### Assignment
Should the listing contain images, exclude them; give the rest again exactly.

======== Data supplied

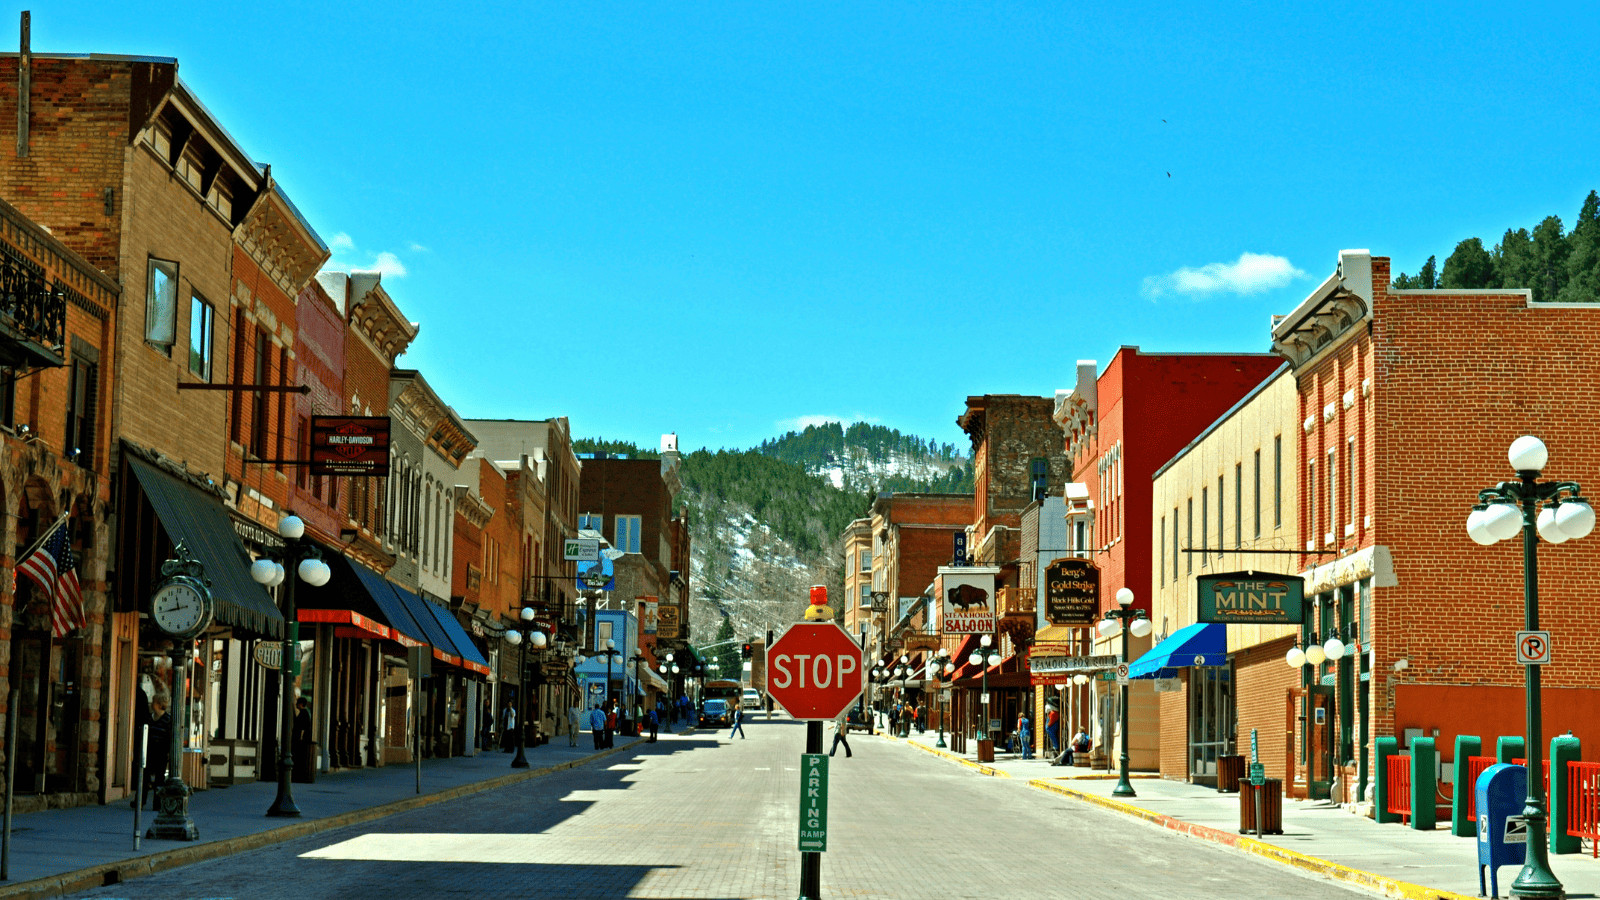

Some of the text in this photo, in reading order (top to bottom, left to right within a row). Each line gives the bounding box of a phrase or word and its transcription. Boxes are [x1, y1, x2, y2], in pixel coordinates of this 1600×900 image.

[328, 436, 374, 444] HARLEY-DAVIDSON
[1062, 568, 1085, 578] Berg's
[1051, 581, 1095, 589] Gold Strike
[1234, 582, 1265, 590] THE
[1215, 592, 1287, 609] MINT
[945, 619, 993, 632] SALOON
[1035, 660, 1068, 669] FAMOUS
[1074, 657, 1089, 667] FOR
[774, 654, 856, 689] STOP
[807, 757, 820, 828] PARKING
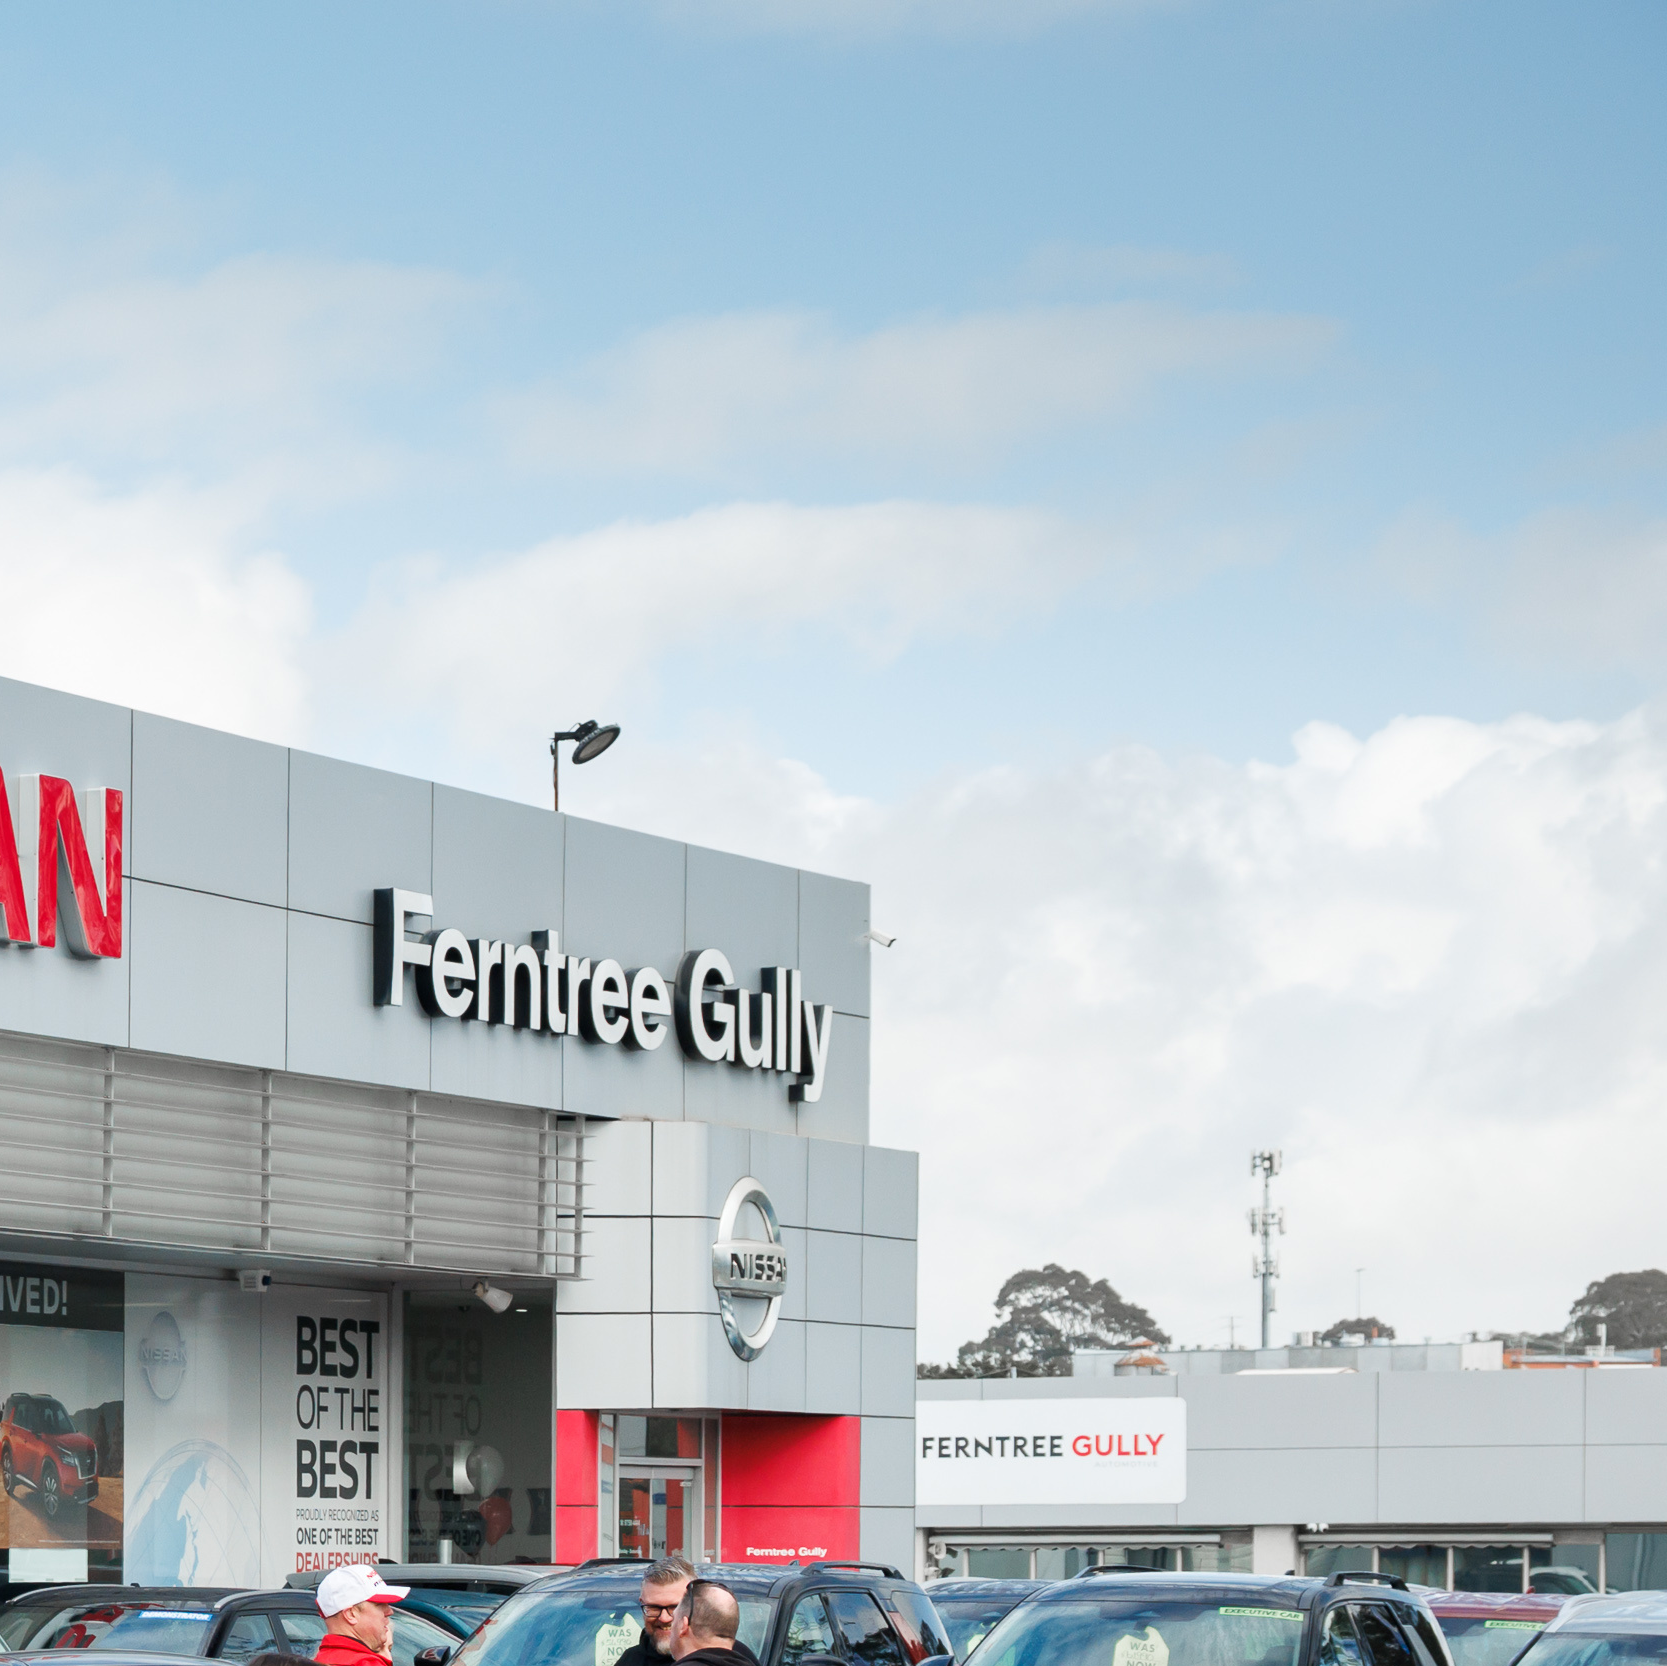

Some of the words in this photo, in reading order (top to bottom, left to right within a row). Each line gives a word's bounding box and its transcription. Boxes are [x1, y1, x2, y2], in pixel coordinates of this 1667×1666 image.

[373, 887, 670, 1053] Ferntree
[674, 947, 833, 1103] Gully
[296, 1315, 380, 1379] BEST
[296, 1384, 329, 1430] OF
[334, 1387, 380, 1432] THE
[922, 1436, 1064, 1458] FERNTREE
[1072, 1434, 1165, 1457] GULLY
[296, 1439, 379, 1500] BEST
[296, 1508, 327, 1521] PROUDLY
[328, 1509, 369, 1522] RECOGNIZED
[370, 1510, 379, 1522] AS
[296, 1527, 317, 1545] ONE
[319, 1528, 333, 1545] OF
[334, 1528, 353, 1545] THE
[355, 1528, 379, 1546] BEST
[746, 1547, 795, 1557] Ferntree
[798, 1546, 828, 1558] Gully
[141, 1611, 210, 1620] DEMONSTRATOR
[1224, 1607, 1278, 1617] EXECUTIVE
[1279, 1611, 1301, 1619] CAR
[1489, 1621, 1538, 1630] EXECUTIVE
[608, 1628, 632, 1638] WAS
[607, 1647, 627, 1656] NO
[1130, 1642, 1155, 1652] WAS

================

### Solved exercise
Some of the text in this photo, in reading order (top to bottom, left to right within a row). Each line gives the bounding box of a phrase or word and its transcription. Boxes are [x1, y1, x2, y2], in pixel coordinates of this 1600×900 image.

[328, 436, 374, 444] HARLEY-DAVIDSON
[1062, 568, 1085, 578] Berg's
[1051, 581, 1095, 589] Gold Strike
[1234, 582, 1265, 590] THE
[1215, 592, 1287, 609] MINT
[945, 619, 993, 632] SALOON
[1035, 660, 1068, 669] FAMOUS
[1074, 657, 1089, 667] FOR
[774, 654, 856, 689] STOP
[807, 757, 820, 828] PARKING

Some of the words in this photo, in reading order (top to bottom, left to right within a row). Each line gives a word's bounding box and its transcription. Boxes are [x1, y1, x2, y2], in pixel coordinates of this 1667×1666 image.

[373, 887, 670, 1053] Ferntree
[674, 947, 833, 1103] Gully
[296, 1315, 380, 1379] BEST
[296, 1384, 329, 1430] OF
[334, 1387, 380, 1432] THE
[922, 1436, 1064, 1458] FERNTREE
[1072, 1434, 1165, 1457] GULLY
[296, 1439, 379, 1500] BEST
[296, 1508, 327, 1521] PROUDLY
[328, 1509, 369, 1522] RECOGNIZED
[370, 1510, 379, 1522] AS
[296, 1527, 317, 1545] ONE
[319, 1528, 333, 1545] OF
[334, 1528, 353, 1545] THE
[355, 1528, 379, 1546] BEST
[746, 1547, 795, 1557] Ferntree
[798, 1546, 828, 1558] Gully
[141, 1611, 210, 1620] DEMONSTRATOR
[1224, 1607, 1278, 1617] EXECUTIVE
[1279, 1611, 1301, 1619] CAR
[1489, 1621, 1538, 1630] EXECUTIVE
[608, 1628, 632, 1638] WAS
[607, 1647, 627, 1656] NO
[1130, 1642, 1155, 1652] WAS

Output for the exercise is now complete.